Prompt: Retype the records below exactly as they stand, but with no images.

==== Records provided

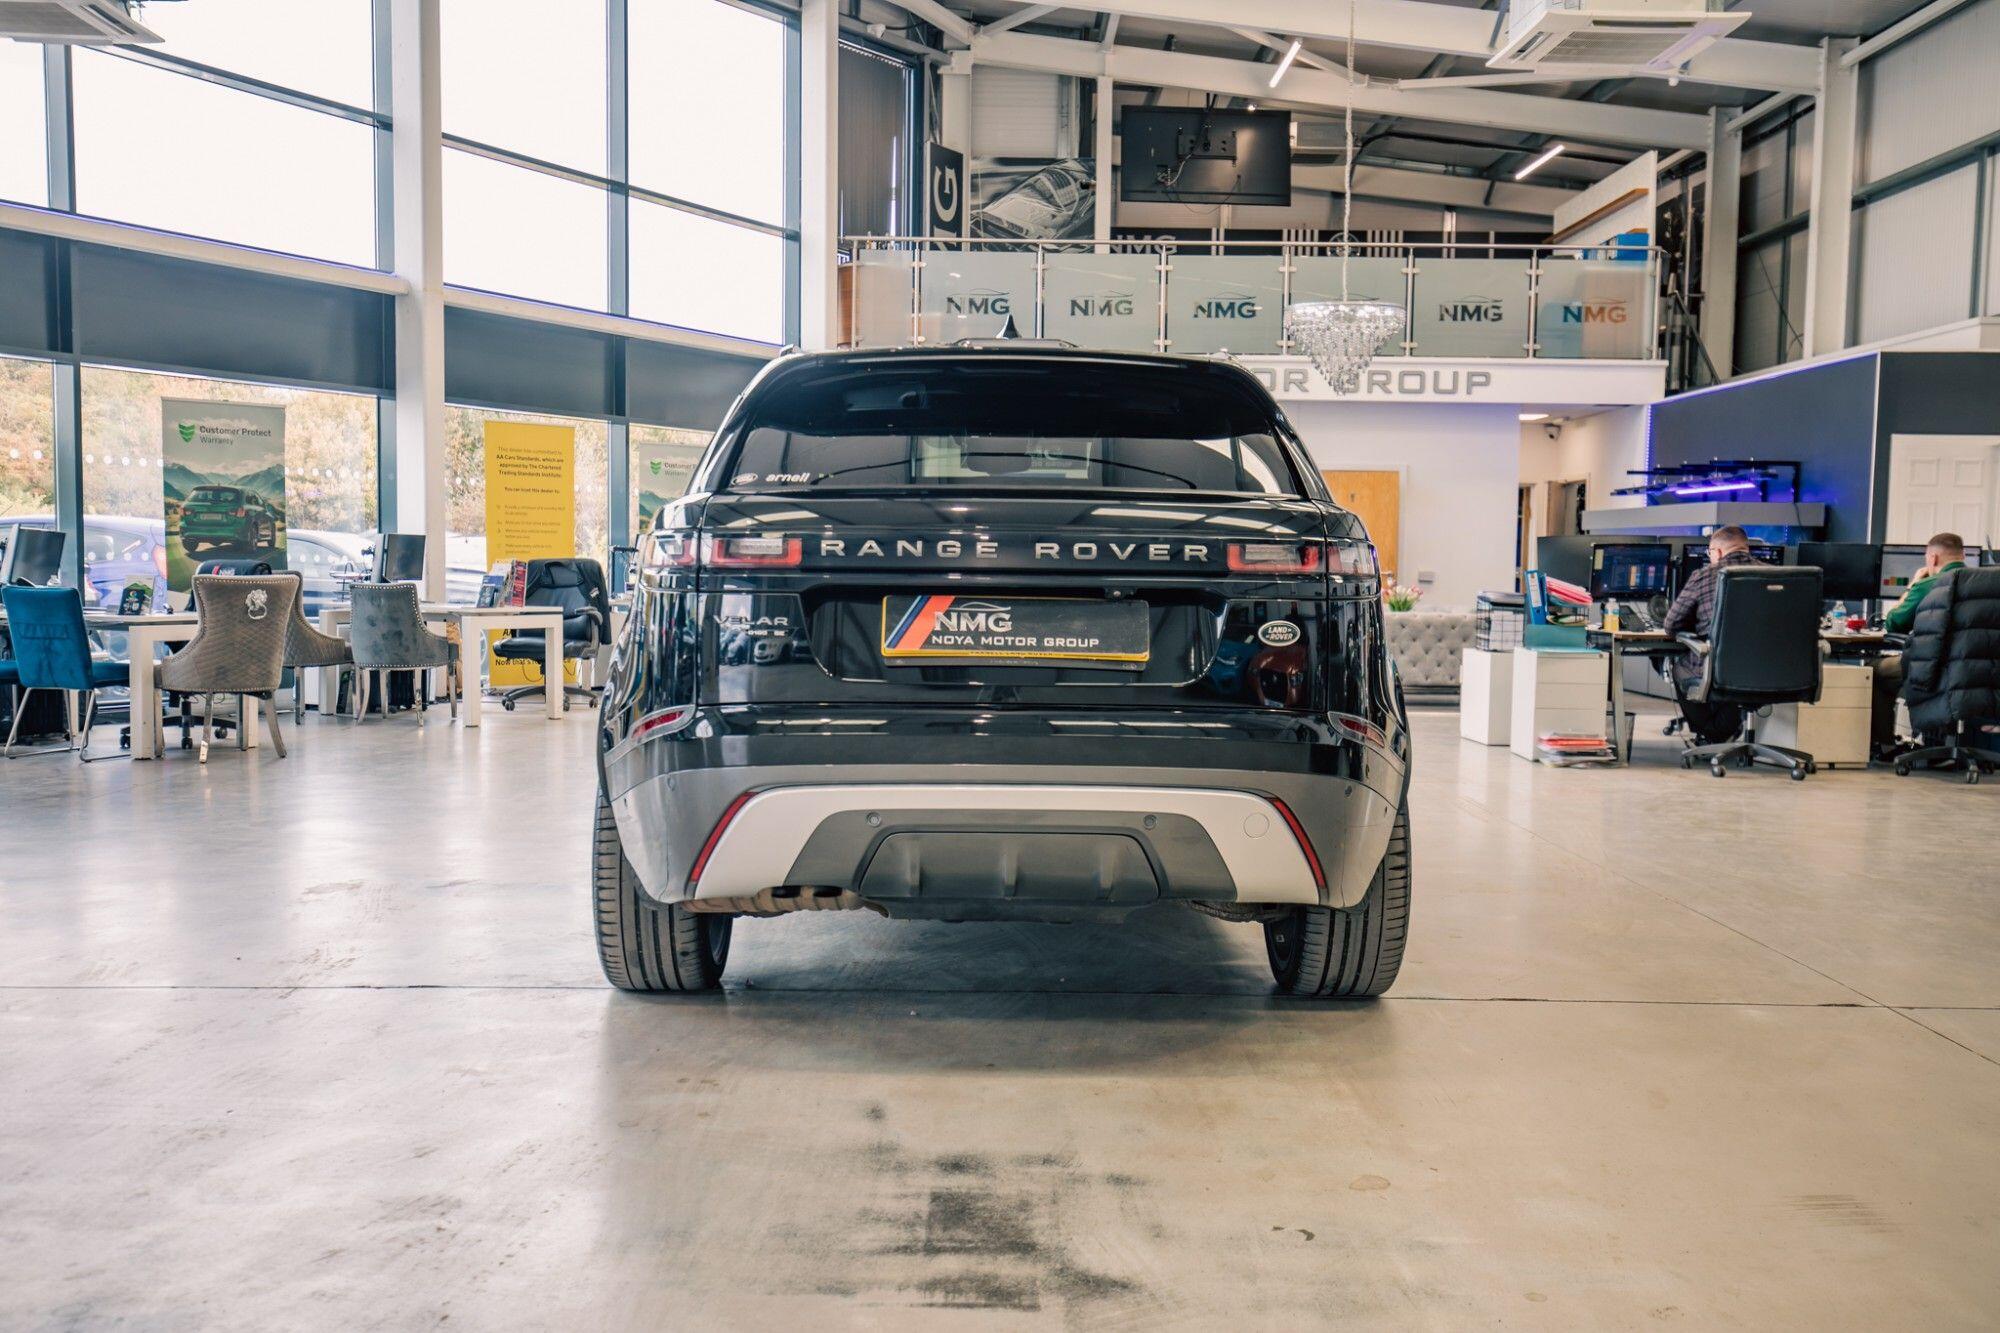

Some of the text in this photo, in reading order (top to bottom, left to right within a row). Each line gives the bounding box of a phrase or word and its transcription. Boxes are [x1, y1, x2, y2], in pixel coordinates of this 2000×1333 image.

[947, 297, 1010, 315] NMG
[1071, 299, 1134, 316] NMG
[1193, 301, 1257, 318] NMG
[1439, 304, 1504, 322] NMG
[1563, 305, 1627, 323] NMG
[200, 425, 271, 437] Customer Protect
[200, 436, 234, 446] Warranty
[820, 539, 1209, 562] RANGE ROVER
[713, 614, 789, 626] VELAR
[933, 611, 1013, 633] NMG
[1268, 626, 1288, 634] LAND
[931, 634, 1100, 648] NOYA MOTOR GROUP
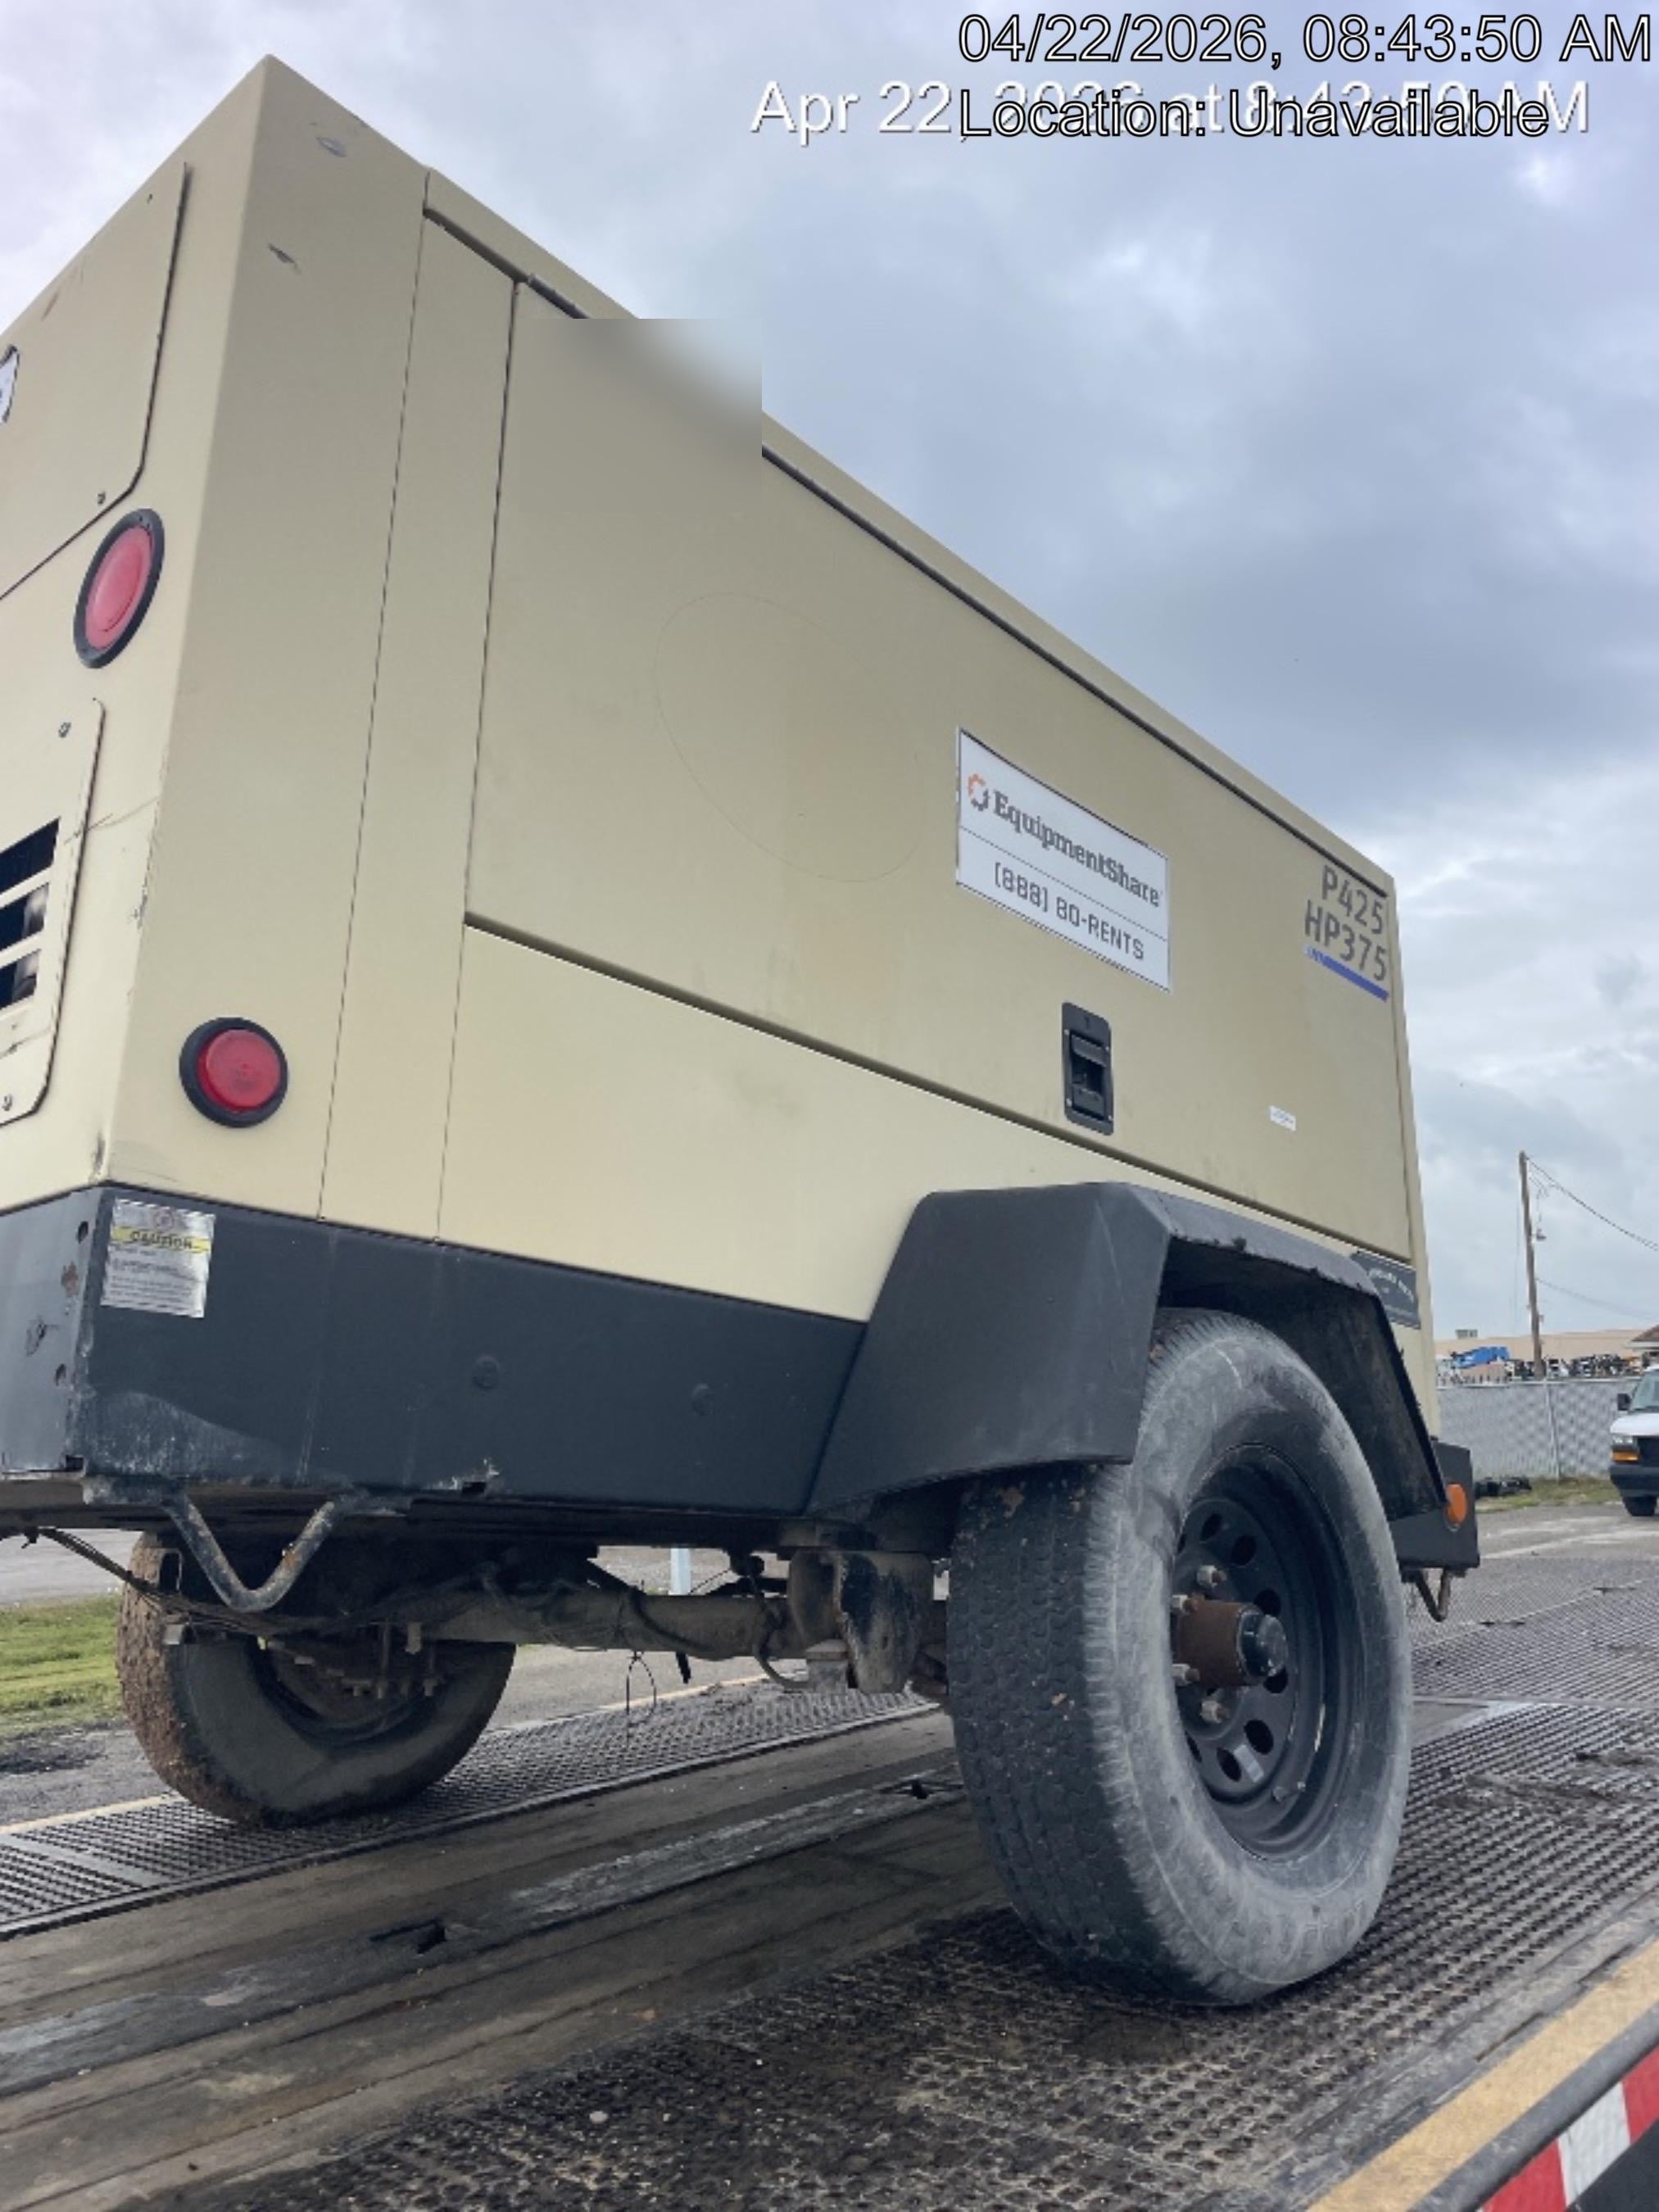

========

Task solution:
Some of the text in this photo, in reading order (top to bottom, left to right within a row). Each line gives the bounding box of a phrase or word and its transcription. Boxes are [x1, y1, x2, y2], in pixel coordinates of this 2000×1333 image.

[947, 297, 1010, 315] NMG
[1071, 299, 1134, 316] NMG
[1193, 301, 1257, 318] NMG
[1439, 304, 1504, 322] NMG
[1563, 305, 1627, 323] NMG
[200, 425, 271, 437] Customer Protect
[200, 436, 234, 446] Warranty
[820, 539, 1209, 562] RANGE ROVER
[713, 614, 789, 626] VELAR
[933, 611, 1013, 633] NMG
[1268, 626, 1288, 634] LAND
[931, 634, 1100, 648] NOYA MOTOR GROUP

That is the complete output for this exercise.